GOAL OF THE EXERCISE ▸
Your task is to give the records again exactly. Leave each picture out.

┌─ EXCERPTED DATA

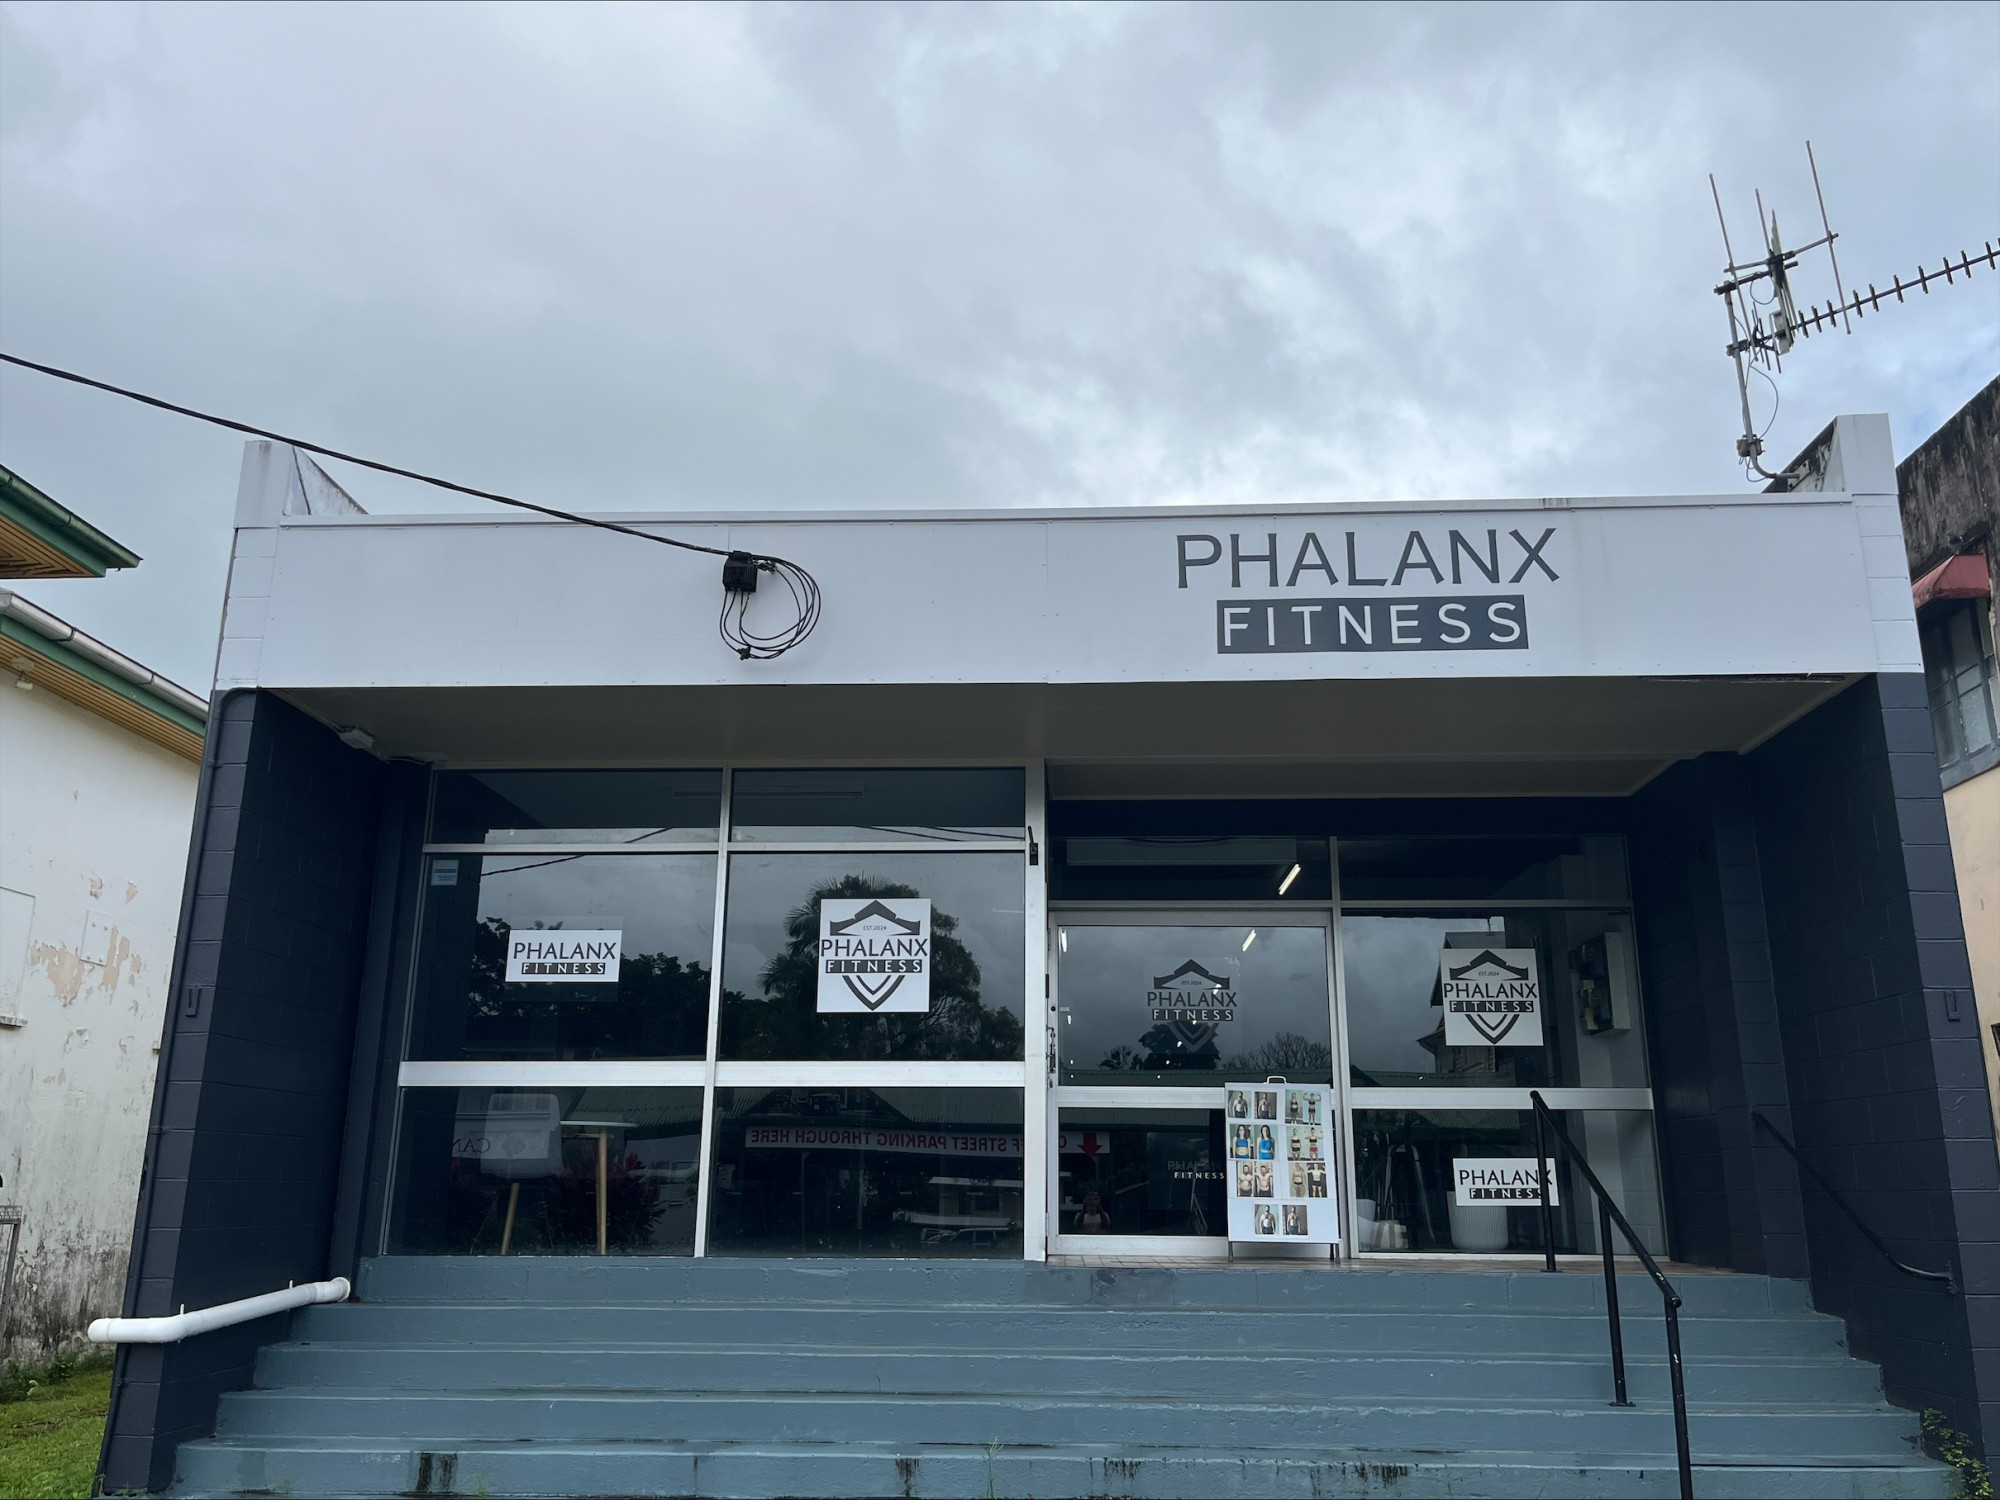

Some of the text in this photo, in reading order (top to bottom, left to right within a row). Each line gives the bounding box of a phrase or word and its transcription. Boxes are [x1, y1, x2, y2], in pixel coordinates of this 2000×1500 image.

[1176, 527, 1560, 589] PHALANX
[1223, 601, 1522, 647] FITNESS
[862, 924, 888, 932] EST.2024
[513, 942, 617, 960] PHALANX
[820, 938, 929, 957] PHALANX
[522, 963, 605, 975] FITNESS
[826, 960, 922, 973] FITNESS
[1442, 982, 1538, 999] PHALANX
[1146, 991, 1238, 1008] PHALANX
[1450, 1001, 1534, 1012] FITNESS
[1152, 1009, 1233, 1021] FITNESS
[1167, 1160, 1226, 1173] PHALAN
[1173, 1171, 1225, 1180] FITNESS

└─

RESULT OF THE TASK ▸
Some of the text in this photo, in reading order (top to bottom, left to right within a row). Each line gives the bounding box of a phrase or word and its transcription. Boxes are [x1, y1, x2, y2], in pixel coordinates of this 2000×1500 image.

[1176, 527, 1560, 589] PHALANX
[1223, 601, 1522, 647] FITNESS
[862, 924, 888, 932] EST.2024
[513, 942, 617, 960] PHALANX
[820, 938, 929, 957] PHALANX
[522, 963, 605, 975] FITNESS
[826, 960, 922, 973] FITNESS
[1442, 982, 1538, 999] PHALANX
[1146, 991, 1238, 1008] PHALANX
[1450, 1001, 1534, 1012] FITNESS
[1152, 1009, 1233, 1021] FITNESS
[1167, 1160, 1226, 1173] PHALAN
[1173, 1171, 1225, 1180] FITNESS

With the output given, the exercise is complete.